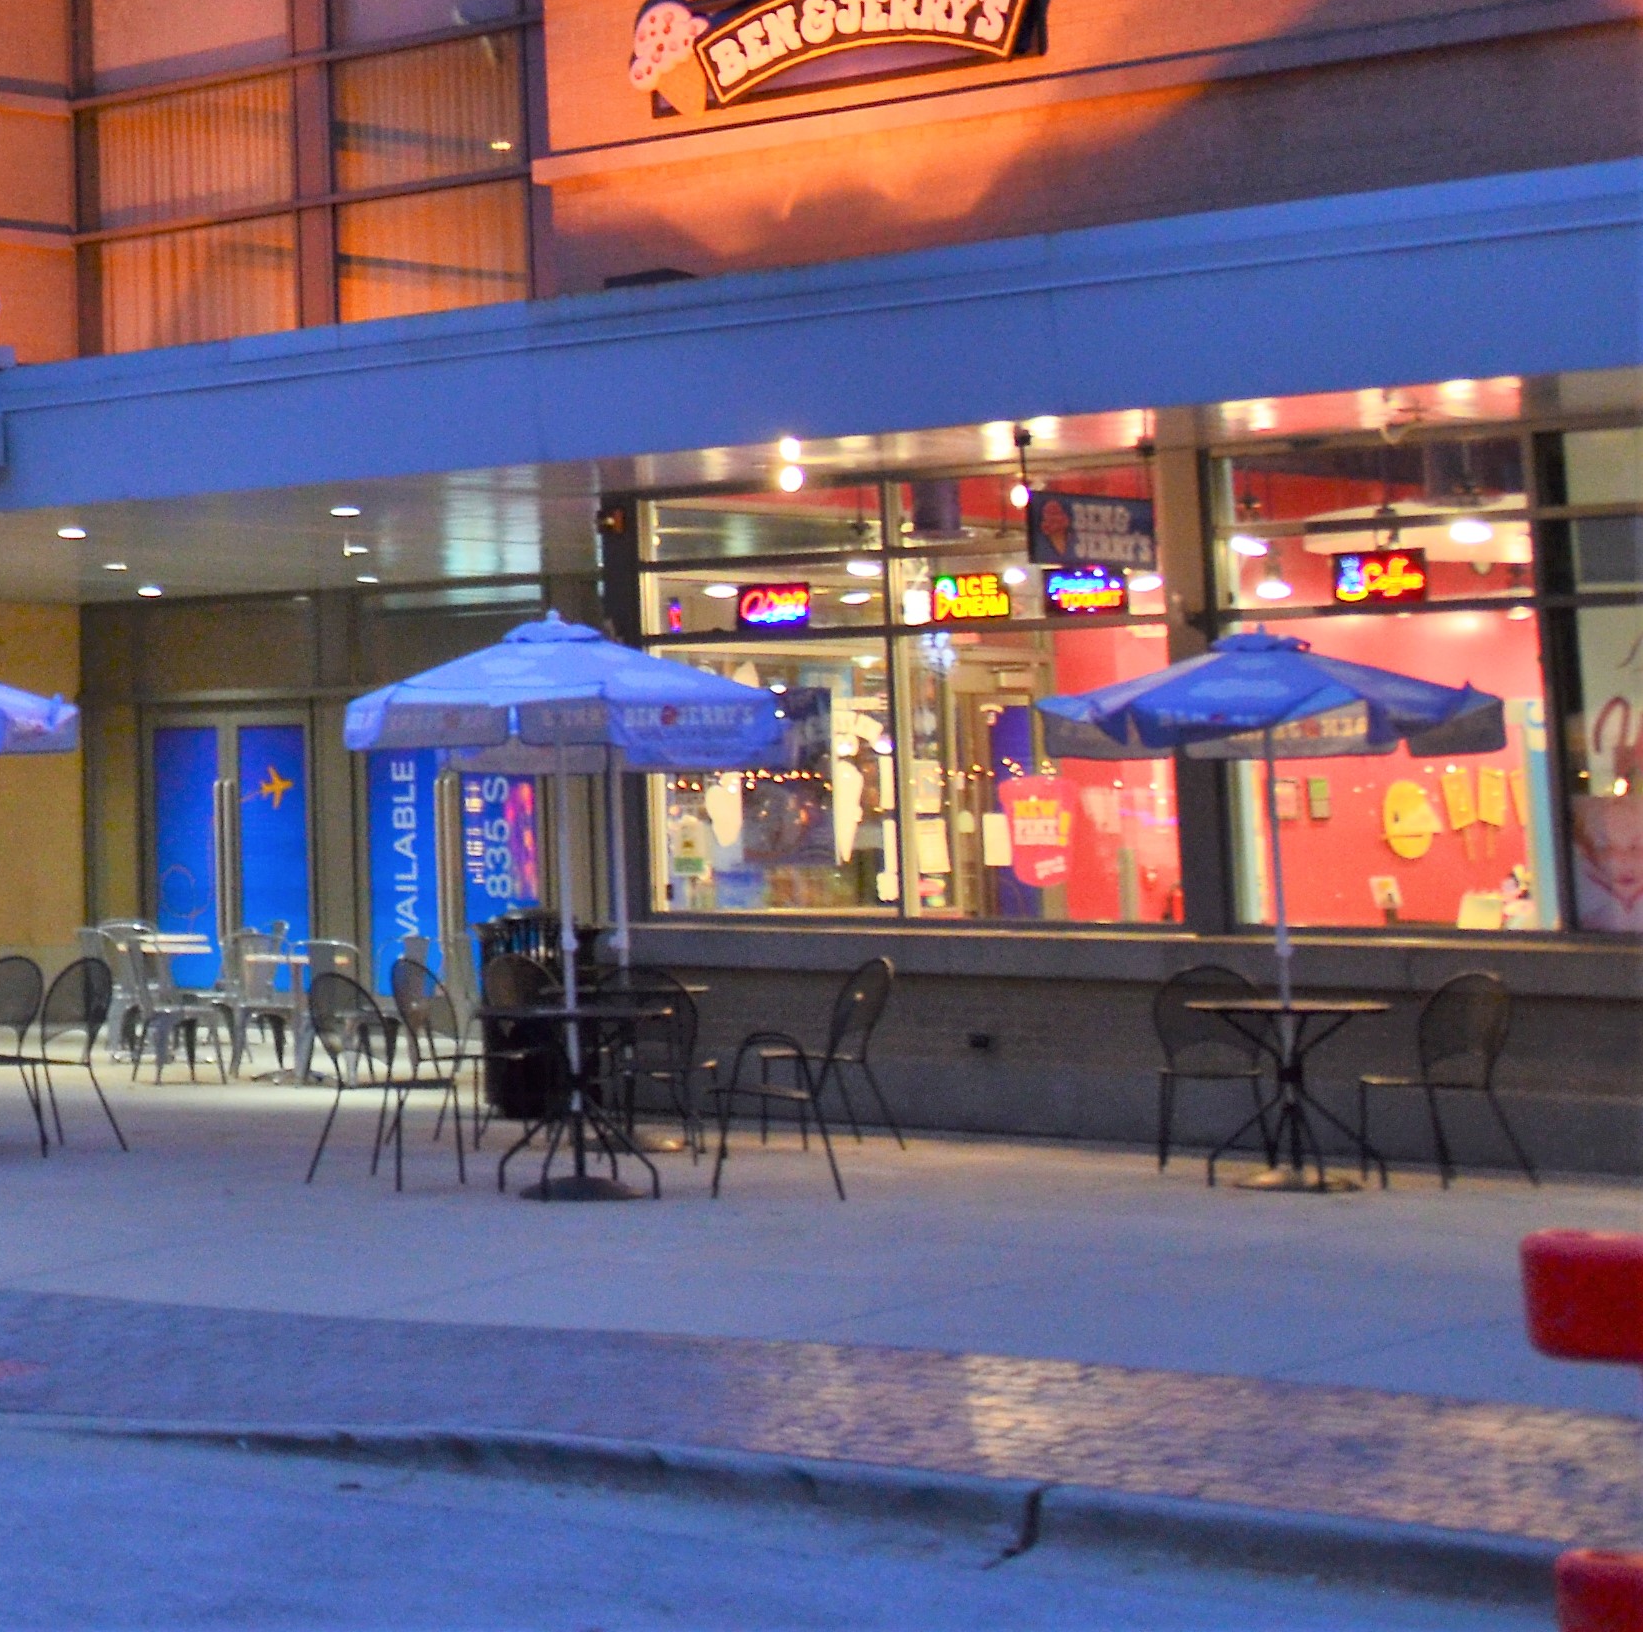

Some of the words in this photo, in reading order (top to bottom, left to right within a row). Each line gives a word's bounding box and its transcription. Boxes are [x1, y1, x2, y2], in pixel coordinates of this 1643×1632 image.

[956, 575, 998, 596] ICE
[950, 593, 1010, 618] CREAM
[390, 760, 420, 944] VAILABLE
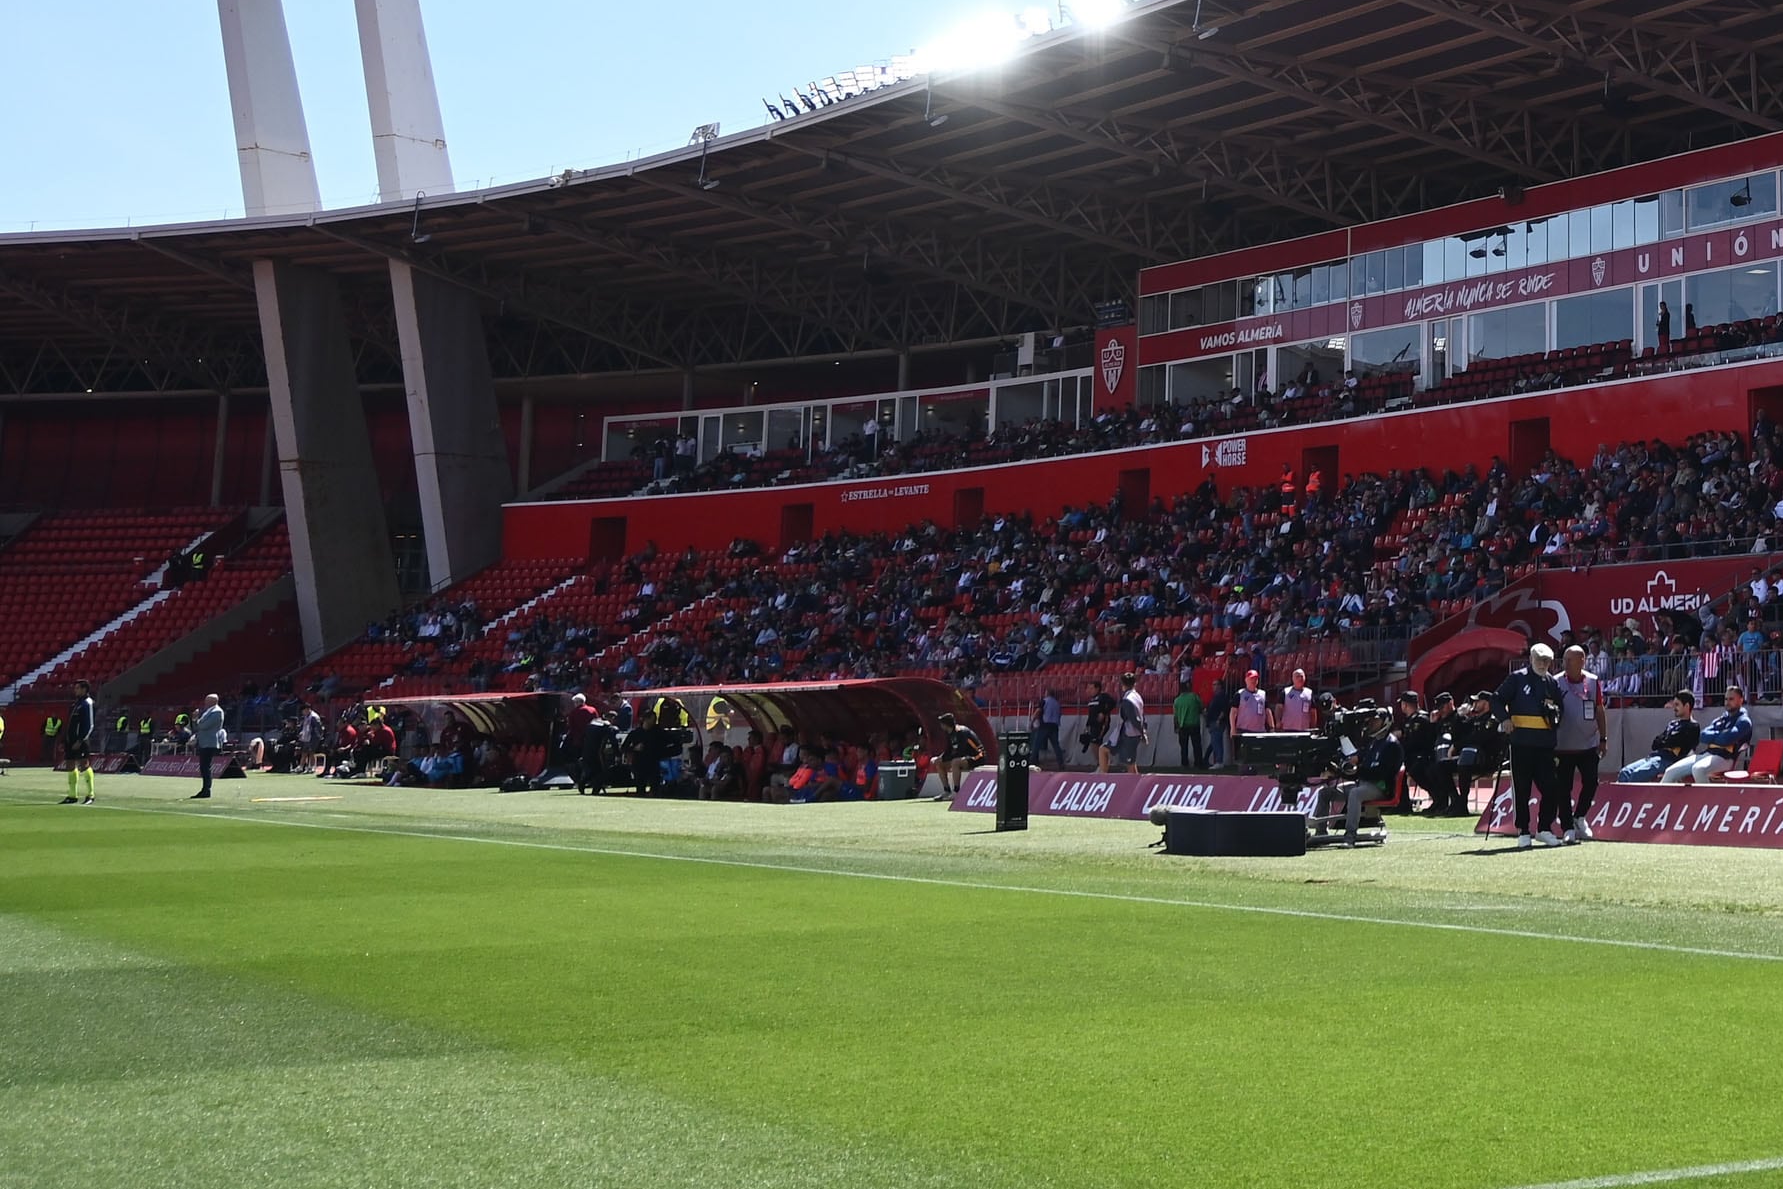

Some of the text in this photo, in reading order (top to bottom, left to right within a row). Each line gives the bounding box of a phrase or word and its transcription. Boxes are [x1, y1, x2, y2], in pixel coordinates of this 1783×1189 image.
- - -
In copying the listing, reproduce each line exactly and omit the pictures.

### [Answer to the exercise]
Some of the words in this photo, in reading order (top to bottom, left to right within a row). Each line gives a word's bounding box and its transcription. Boxes are [x1, y1, x2, y2], in pixel coordinates of this 1643×1632 image.

[956, 575, 998, 596] ICE
[950, 593, 1010, 618] CREAM
[390, 760, 420, 944] VAILABLE

Some of the text in this photo, in reading order (top to bottom, left to right within a row). Each line gives the bounding box of a phrase or word and its transcription. Boxes are [x1, y1, x2, y2], in pixel coordinates of this 1783×1189 image.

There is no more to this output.